Curve fitting is a key statistical method in the pharmaceutical industry for modeling the relationship between drug effects and dose levels. Traditional regression-based curve fitting is computationally efficient but sensitive to technical errors, particularly with small sample sizes. In practice, budget constraints often limit the number of dose levels that can be tested. We hypothesize that Bayesian inference offers a more robust alternative in resource-constrained settings. We developed BayesCurveFit, a pipeline that consists of three Bayesian techniques for dose-response curve fitting: Simulated Annealing (SA) for initial parameter estimation, Markov Chain Monte Carlo (MCMC) for posterior sampling, and Bayesian Model Averaging (BMA) to integrate predictions from multiple models. Our simulations demonstrated that BayesCurveFit outperforms regression-based methods on under-sampled data, with performance converging as sample size increases.

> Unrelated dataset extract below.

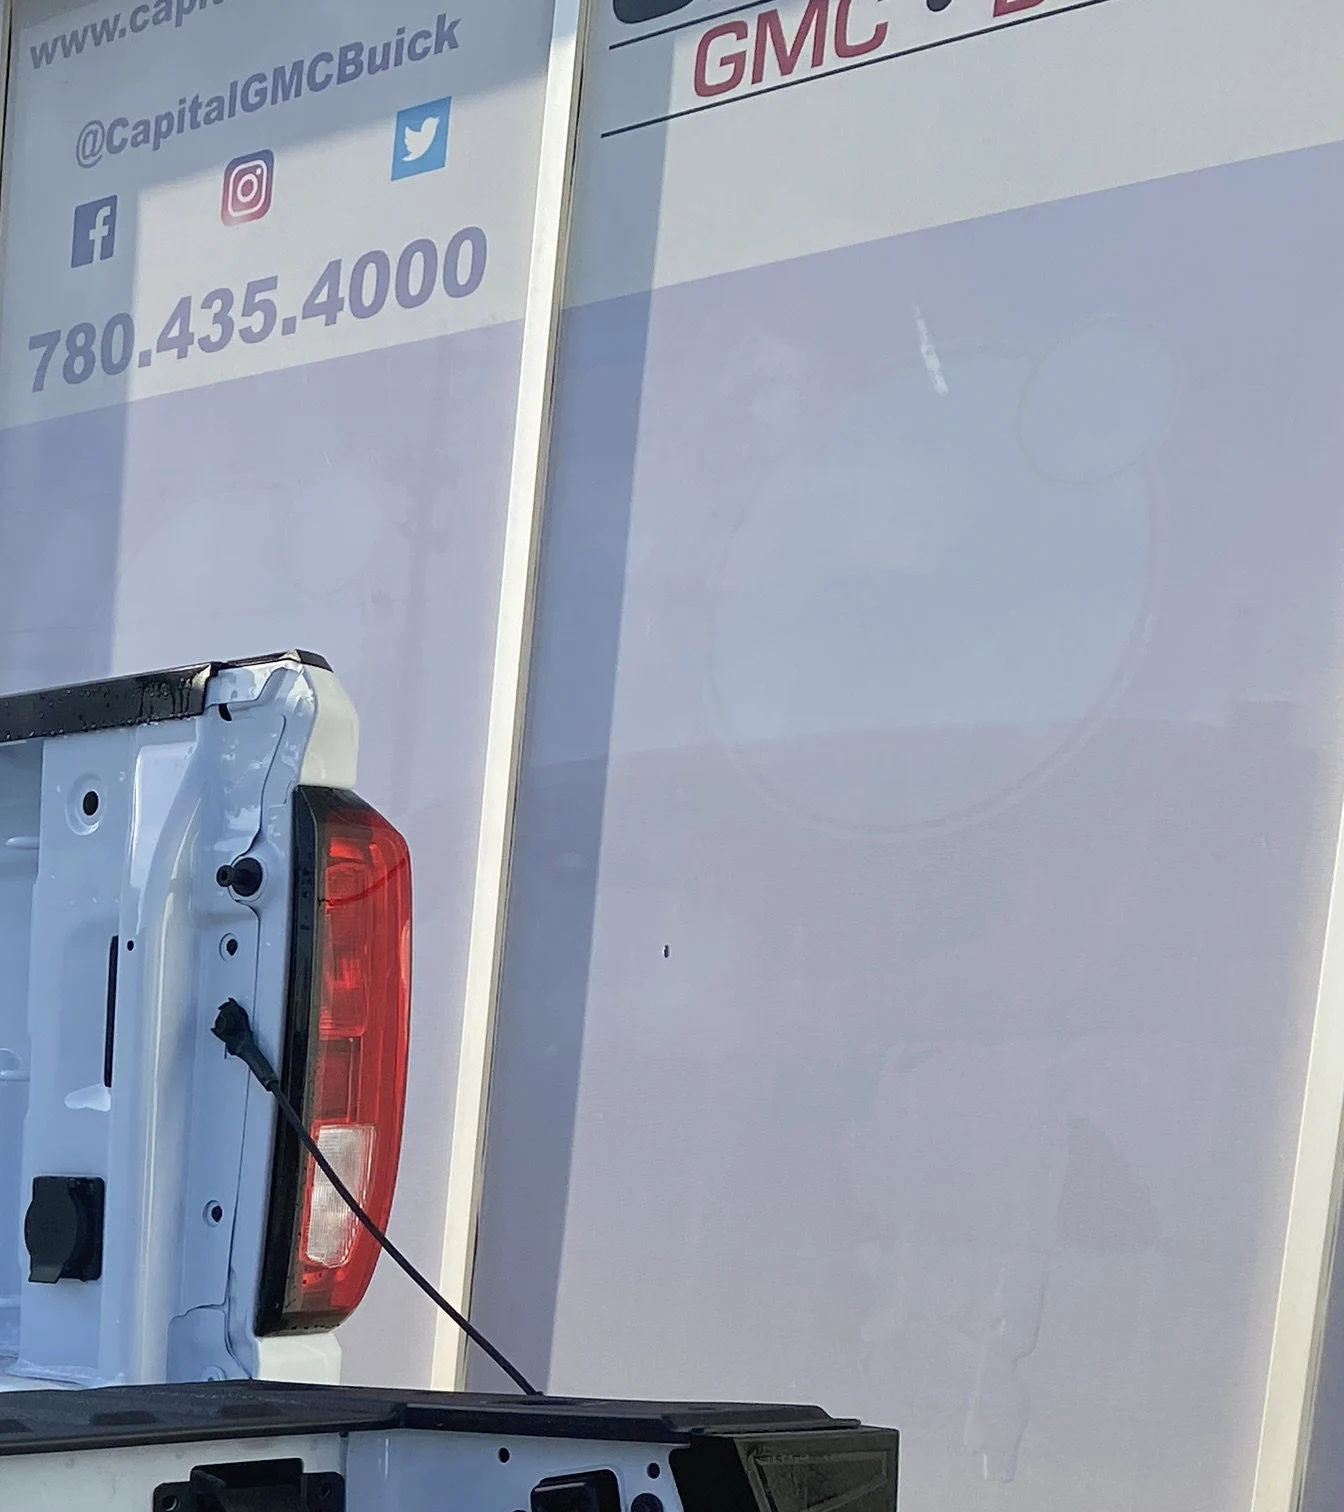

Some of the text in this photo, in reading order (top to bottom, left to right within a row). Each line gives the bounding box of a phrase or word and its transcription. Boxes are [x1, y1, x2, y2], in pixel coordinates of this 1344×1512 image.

[77, 13, 461, 168] @CapitalGMCBuick
[695, 0, 888, 97] GMC
[28, 226, 488, 393] 780.435.4000

Benchmarking experiments showed BayesCurveFit achieves higher accuracy than Ordinary Least Squares (OLS) and soft L1 regression when working with 10 or fewer observations. A real-world case study using the Kinobeads dataset further validated BayesCurveFit, revealing multiple novel drug-gene interactions overlooked by the popular OLS-based CurveCurator method. These interactions were confirmed in ChEMBL, a manually curated drug discovery database. These findings underscore BayesCurveFit\'s advantages in data-limited scenarios. BayesCurveFit is available as an open-source Python package, with the reprocessed Kinobeads dataset accessible via a web-based interface for public testing and validation.